Гений | страница 59
Каэдэ подается ко мне, чтобы другие солдаты на улице нас не слышали:
— Колонии ведут активные действия на этой части границы. Знаешь, сколько уже лет? Мне семнадцать было, когда они начали. В общем, не первый год. Они, вероятно, на добрую сотню миль продвинулись за ту линию, которую Республика называет границей Колорадо.
Правда после многих лет постоянной бомбардировки пропагандой потрясает.
— Ты хочешь сказать, что Колонии выигрывают войну? — спрашиваю я, понизив голос.
— Уже некоторое время. Ты только узнал? Еще пара лет, парень, и Колонии будут у тебя на заднем дворе.
В голосе Каэдэ слышится отвращение. Может, у нее какая-то давняя неприязнь к Колониям.
— Думай, как хочешь, — бормочет она. — Я здесь ради денег.
Я размышляю над ее словами. Колонии станут новыми Соединенными Штатами. Неужели война после стольких лет все же подходит к концу? Я пытаюсь представить себе мир без Республики — без Президента, Испытаний, чумы. Колонии — победитель. Нет, это так хорошо, что не верится. А если удастся убить Президента, победа может приблизиться. Я очень хочу вытянуть из Каэдэ еще что-нибудь, но та шикает на меня, едва я успеваю открыть рот. Дальше мы шагаем молча.
Через несколько кварталов мы поворачиваем и идем вдоль двух железнодорожных путей. Кажется, проходим чуть не милю. Наконец останавливаемся на углу улицы вдали от казарм, здесь, в тени полуразрушенного здания, царит полумрак. Время от времени мимо бредут одинокие солдаты.
— Боевые действия приостановлены, — шепчет Каэдэ, глядя, прищурившись, вдоль путей. — Вот уже несколько дней. Но скоро все начнется снова. Ты еще порадуешься, что примкнул к нам, — когда посыплются бомбы, никто из солдат Республики не сможет похвастать такой роскошью, как подземное укрытие.
— Подземное укрытие?
Но внимание Каэдэ уже переключилось на солдата, идущего прямо на нас вдоль путей.

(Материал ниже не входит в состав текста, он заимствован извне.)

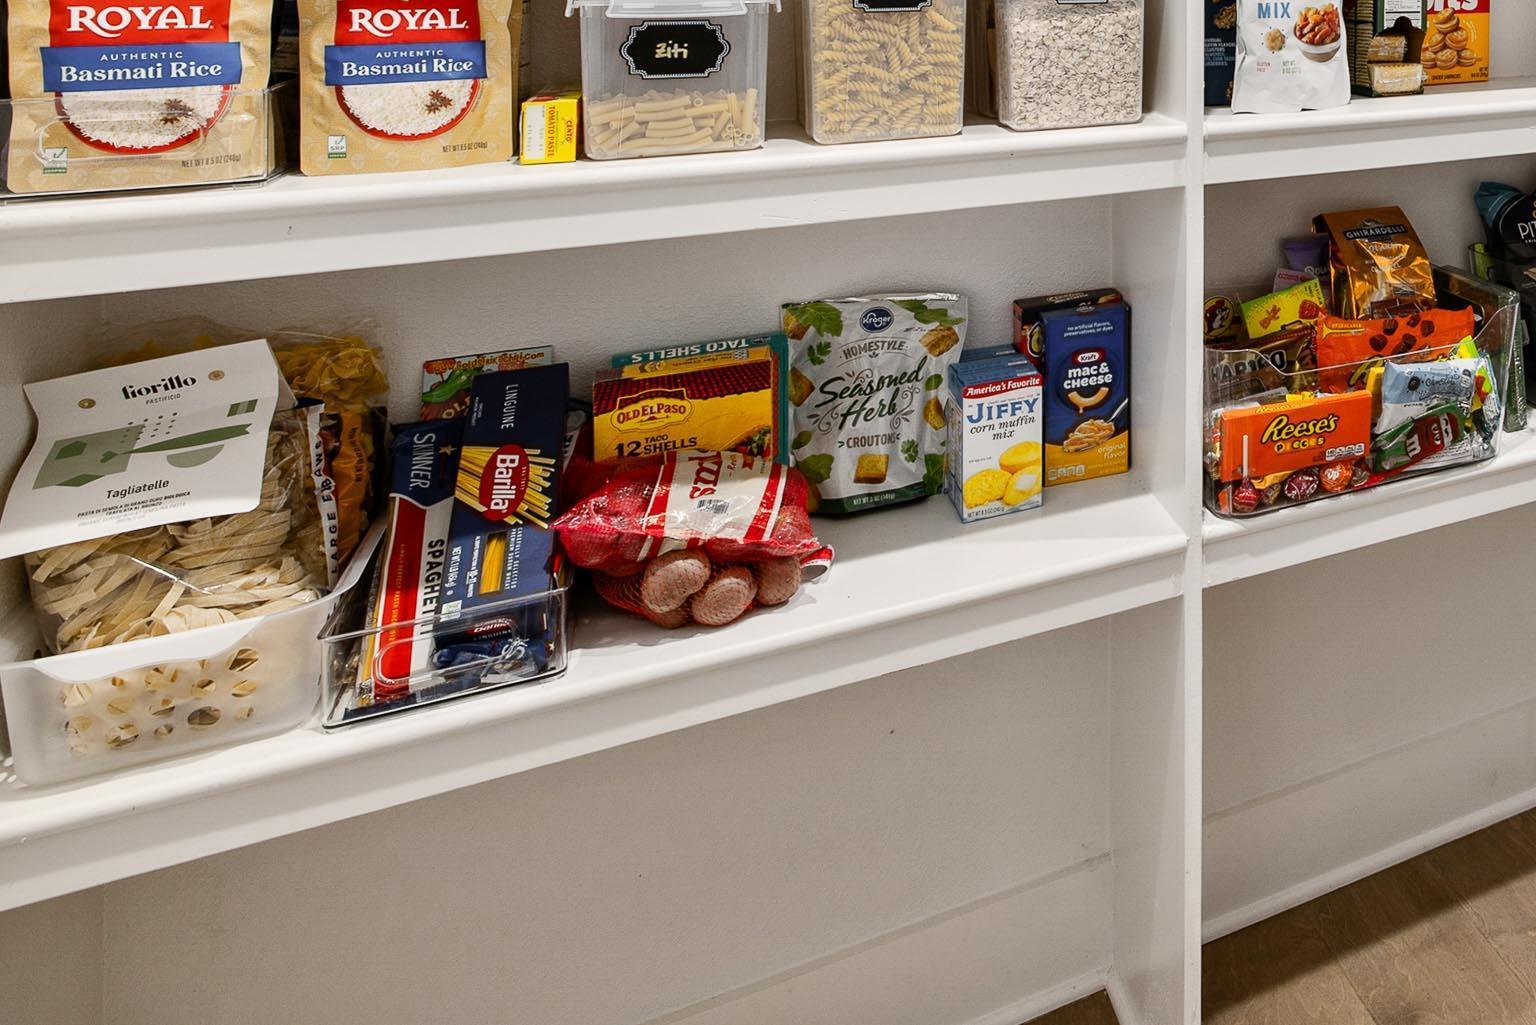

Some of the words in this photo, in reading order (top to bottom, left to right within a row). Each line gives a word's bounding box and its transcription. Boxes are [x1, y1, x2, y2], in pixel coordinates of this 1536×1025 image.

Я мигаю, чтобы стряхнуть воду с ресниц, стараюсь приглядеться к нему получше. Он одет так же, как мы, — в мокрый кадетский мундир с диагональной лентой, закрывающей часть пуговиц, и единственной серебряной полоской на каждом плече. Его темная кожа влажная от дождя, короткие кудряшки прилипли к голове, дыхание клубится белыми облачками. Он приближается, и я вижу, что глаза у него до жути бледные. Бледно-серые.
Он проходит мимо, никак не реагируя на нас, лишь подает едва заметный знак Каэдэ — раздвигает пальцы на правой руке буквой V.
Мы пересекаем железнодорожные пути и шагаем еще несколько кварталов. Здесь здания стоят почти вплотную друг к другу, а улицы такие узкие, что разойтись на них могут лишь два человека. Вероятно, прежде здесь жили гражданские. Многие окна выбиты, кое-какие закрыты драными полотнищами. За ними в свете мигающей свечи я вижу человеческие тени. Если ты живешь в этом городе, не будучи военным, делать ты должен то же, что когда-то делал мой отец, — готовить, убирать и обслуживать солдат. Отец, вероятно, жил в таком же убожестве, когда наступил его черед отправляться на фронт.